Gasoline prices rise due to Katrina

Associated Press

NEW YORK - Gasoline futures rose yesterday amid expectations that today's weekly snapshot of U.S. inventory data will show gasoline supplies at near critical levels, largely because of a shortage of production in the Gulf Coast caused by Hurricane Katrina. Crude futures fell after a volatile session.

Analysts believe the current inventory loss will only have short-term effects on the U.S. economy, however.

"After the report [today], demand will come back with a vengeance," said Phil Flynn, an analyst at Alaron Trading Corp. in Chicago.

Gasoline futures rose almost 2 cents to $1.8916 a gallon, and heating oil gained about 3 cents to $1.8402 a gallon on the New York Mercantile Exchange. The average retail price of unleaded gasoline was about $2.96, a cent lower than the day before.

Light, sweet crude for October delivery on the New York exchange shed 23 cents to settle at $63.11 a barrel after seesawing throughout the session. On Monday, the contract lost 74 cents.

October Brent crude oil futures fell 19 cents to settle at $61.61 a barrel on London's International Petroleum Exchange.

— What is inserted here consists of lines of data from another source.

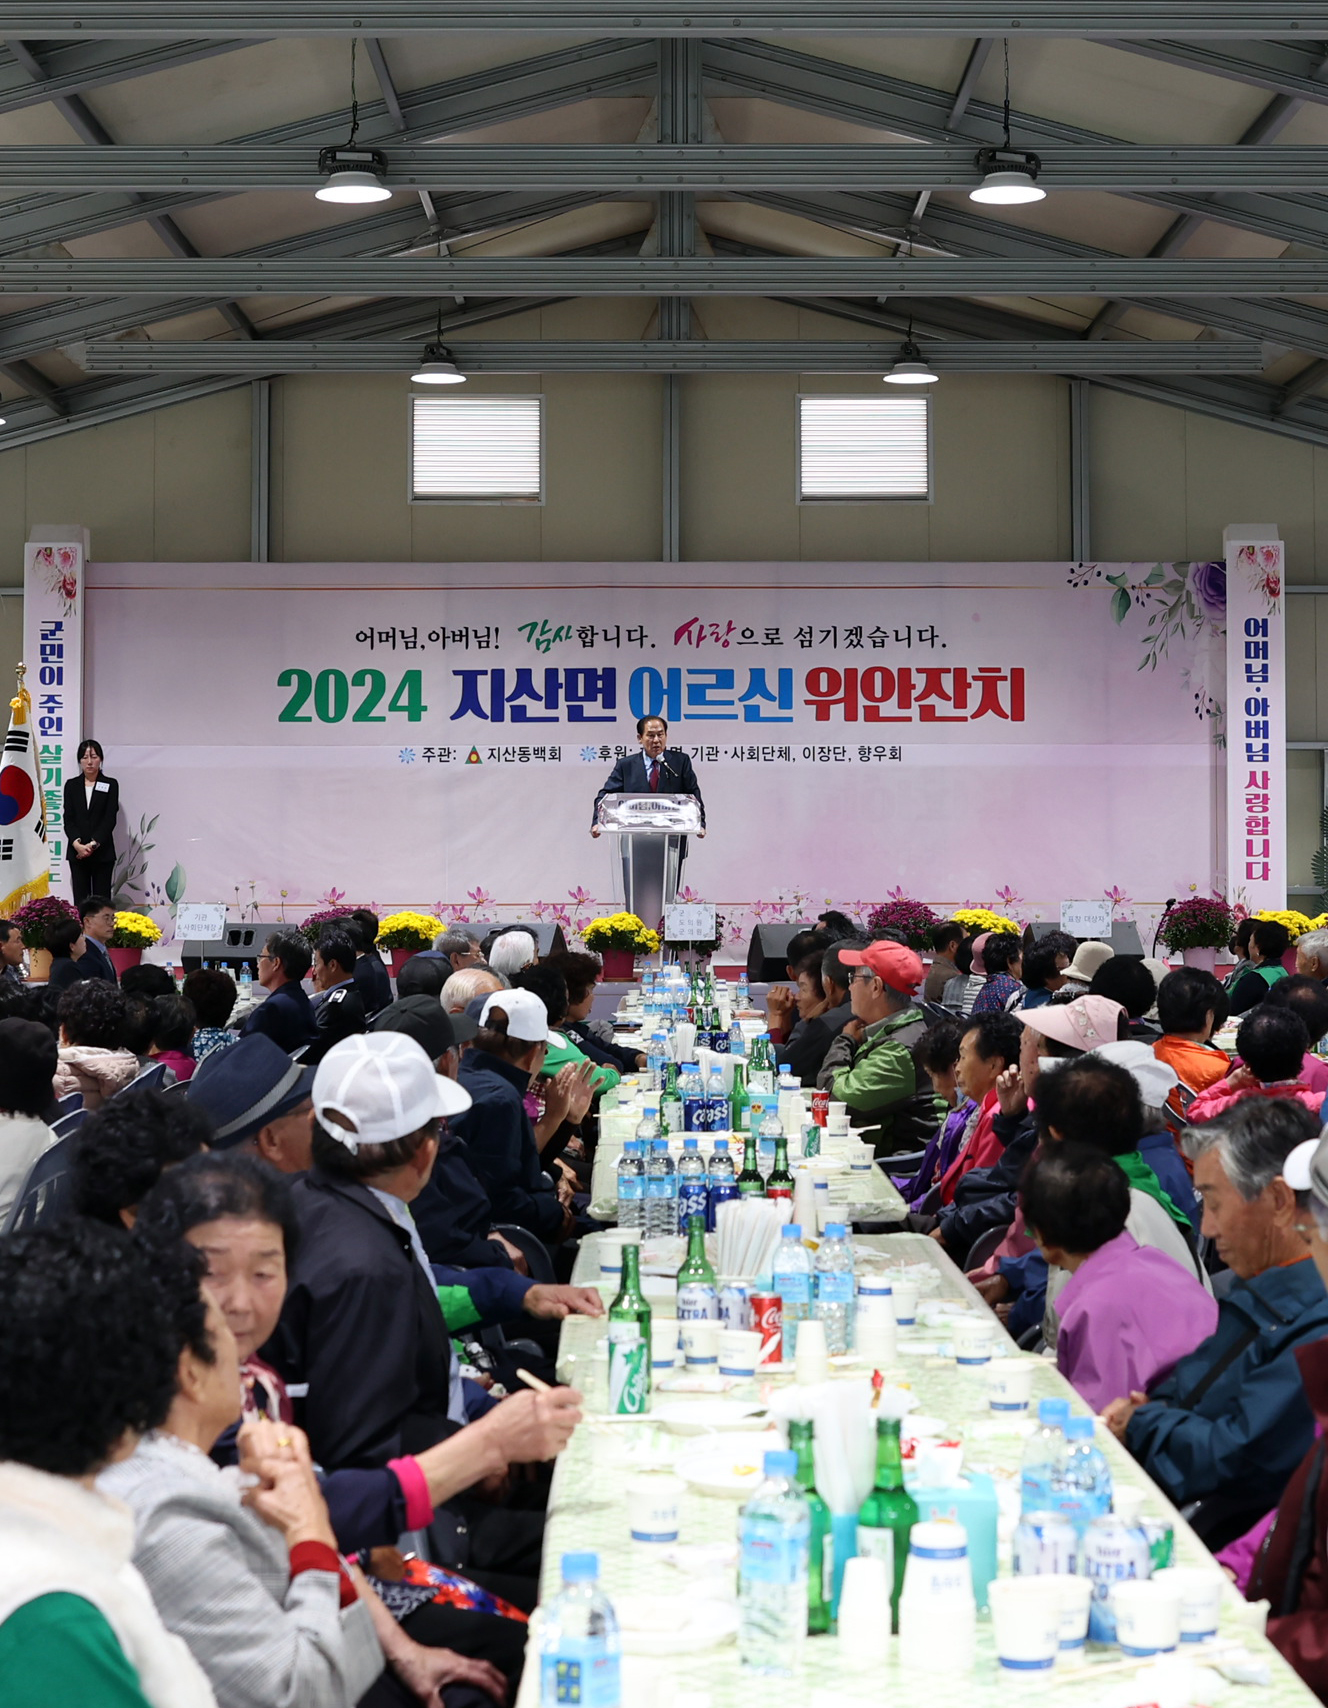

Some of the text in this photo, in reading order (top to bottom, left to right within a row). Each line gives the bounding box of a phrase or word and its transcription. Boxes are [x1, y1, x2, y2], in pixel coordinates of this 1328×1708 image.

[38, 620, 65, 686] 군민이
[517, 619, 656, 654] 감사합니다.
[673, 617, 784, 649] 사랑으로
[793, 624, 948, 649] 섬기겠습니다.
[38, 694, 64, 737] 주인
[276, 665, 1025, 723] 2024 지산면 어르신 위안잔치
[421, 746, 457, 763] 주관:
[487, 745, 562, 763] 지산동백회
[802, 745, 851, 763] 이장단,
[857, 745, 903, 762] 향우회
[1244, 770, 1271, 881] 사랑합니다

Traders also expressed concerns about natural gas supplies as the nation heads into the cooler months of the year.

The country is severely limited in its ability to import natural gas, Flynn said.

"[Federal Reserve Chairman Alan] Greenspan warned about this years ago," he said. "We're going to have to rely on Canada and Mexico, and the problem is not going away."

Senior Bush administration officials touring the Gulf Coast area devastated by Katrina expressed concern yesterday about possible shortages of natural gas, saying the region's production may not recover for months.

Last week, a U.S. Energy Department report predicted a 100,000 barrel per day increase in U.S. petroleum demand this year, down from 160,000 barrels per day a month earlier. This was "largely due to sharply higher prices," the department said.

But ahead of today's release of the latest U.S. inventory figures, Vienna's PVM Oil Associates said that gasoline supplies could slump to a "critically low level" of nearly 185 million barrels - the industry minimum.

Analysts predicted that today's release will report a 3 million to 6 million barrel drop in gasoline inventory because of the continued refinery outage and a drop in demand because of high prices.

A 5 million to 7 million barrel drop is expected in crude oil, largely because of shipping delays at Gulf Coast ports, said Edward A. Silliere, vice president of risk management at Energy Merchant LLC in New York. He predicted that the inventory report will show a 1 million to 2 million barrel drop in heating oil because of the cutback in refining production.

The crude oil price on the New York Mercantile Exchange has dropped from its intra-day high of $70.85, reached Aug. 30 after Katrina hit, but still is more than 40 percent higher than levels a year ago.

Prices had been falling earlier on expectations that shipments of petroleum products from International Energy Agency countries to the United States would ease shortages. The agency is releasing 60 million barrels of petroleum to the United States to help replace supplies lost to Katrina.

U.S. refiners also will know by the end of the week how much crude they can get from the U.S. Strategic Petroleum Reserve. Up to 30 million barrels of crude will be sold over a month.